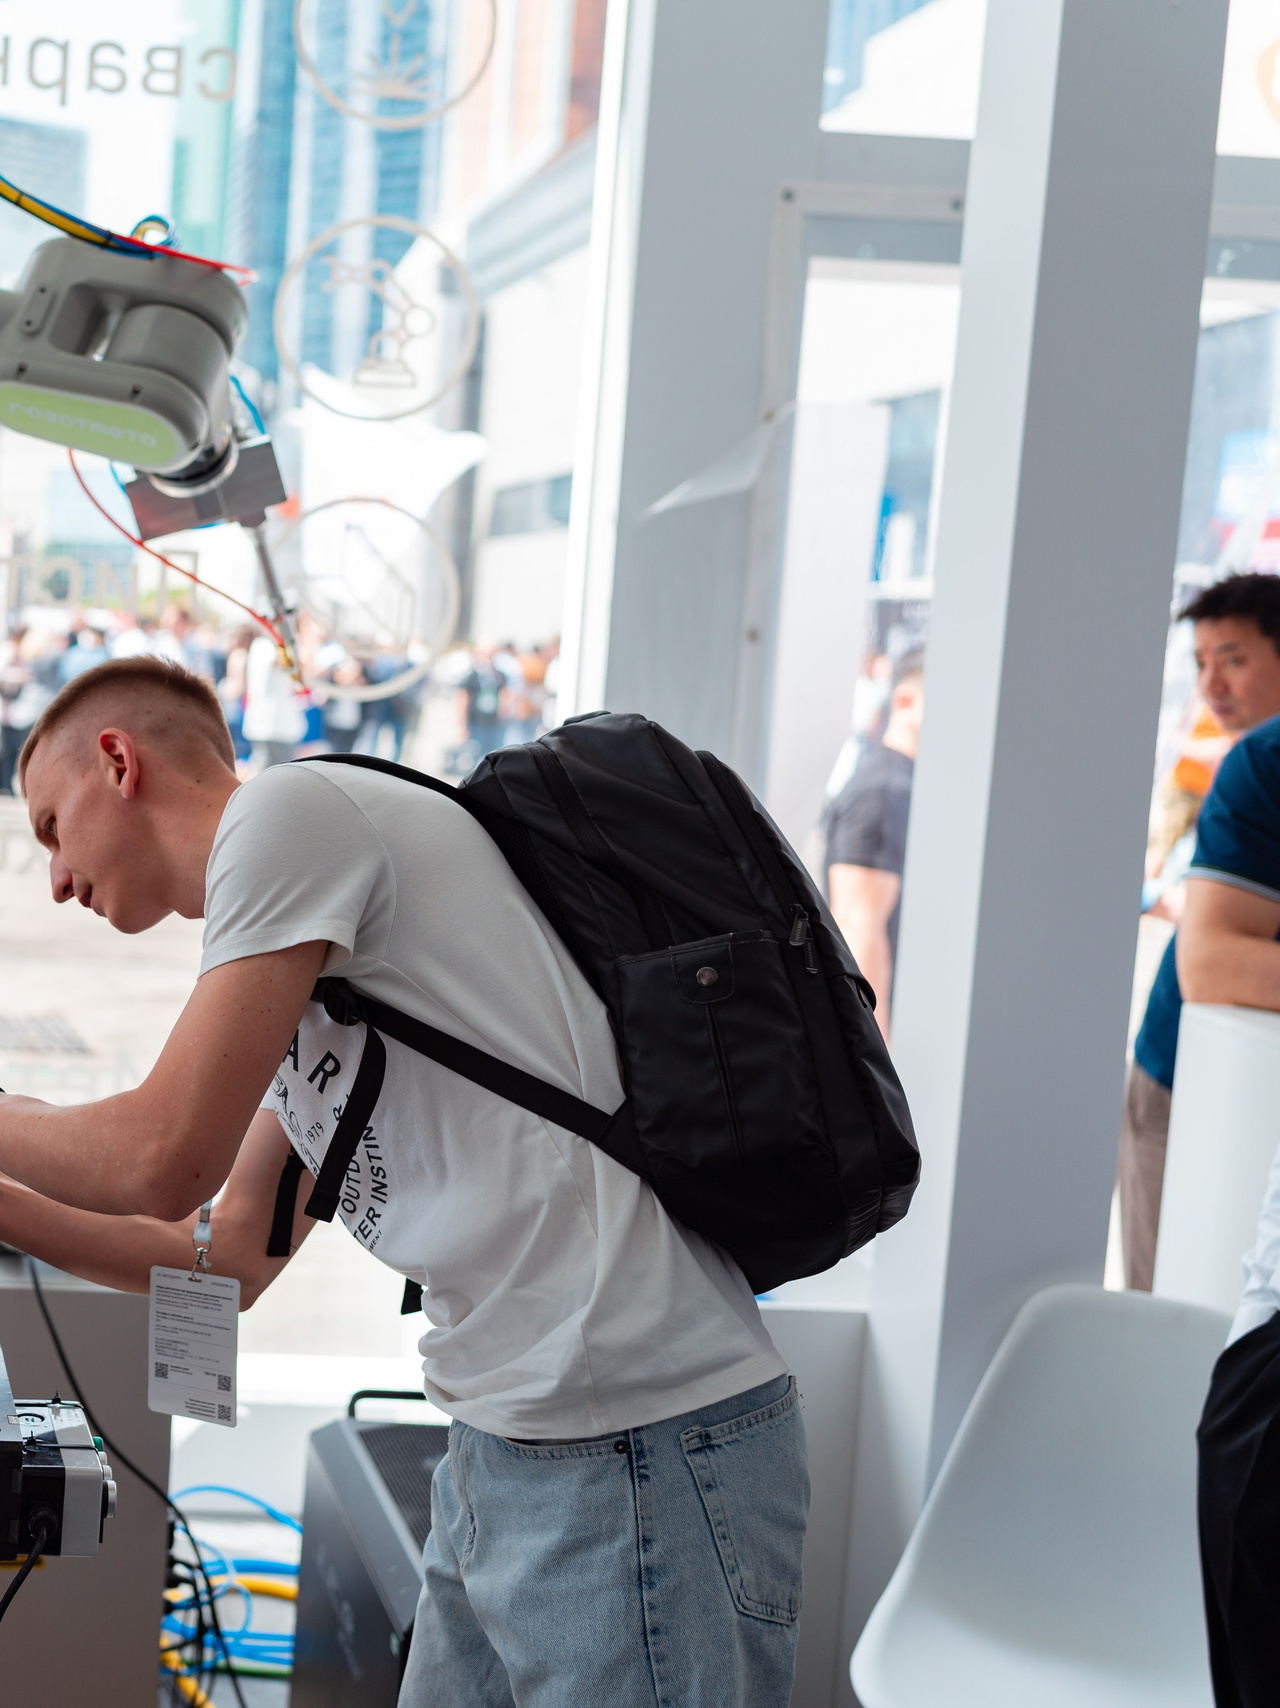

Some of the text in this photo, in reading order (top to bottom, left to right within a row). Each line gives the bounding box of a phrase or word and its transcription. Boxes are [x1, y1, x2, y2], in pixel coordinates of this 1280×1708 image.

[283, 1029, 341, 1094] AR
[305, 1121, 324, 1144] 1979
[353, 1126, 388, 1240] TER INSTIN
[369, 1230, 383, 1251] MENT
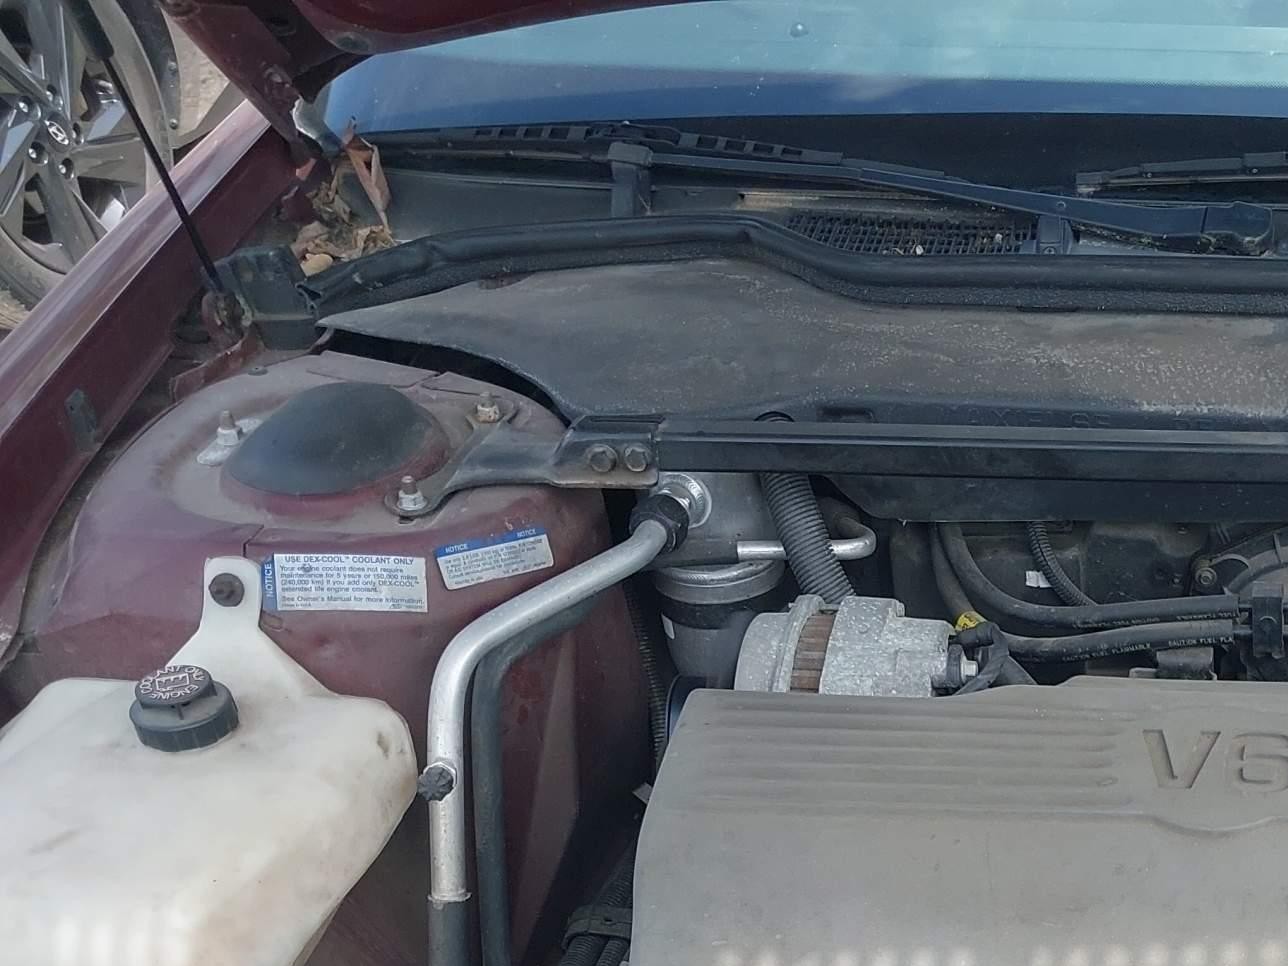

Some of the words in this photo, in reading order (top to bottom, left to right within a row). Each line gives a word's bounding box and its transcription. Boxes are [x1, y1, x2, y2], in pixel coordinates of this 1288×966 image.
□ □ □ □
YOUR ASSIGNMENT: Print the entries again exactly as they appear above. Do not print the pictures.

RESPONSE:
Some of the text in this photo, in reading order (top to bottom, left to right within a row). Each line gives the bounding box of a phrase or word and its transcription. Boxes are [x1, y1, x2, y2], in pixel coordinates of this 1280×1708 image.

[283, 1029, 341, 1094] AR
[305, 1121, 324, 1144] 1979
[353, 1126, 388, 1240] TER INSTIN
[369, 1230, 383, 1251] MENT

Some of the words in this photo, in reading order (top to bottom, left to right within a row). Each line gives a word's bounding box and its transcription. Boxes are [x1, y1, x2, y2], in pixel coordinates of this 1288×966 image.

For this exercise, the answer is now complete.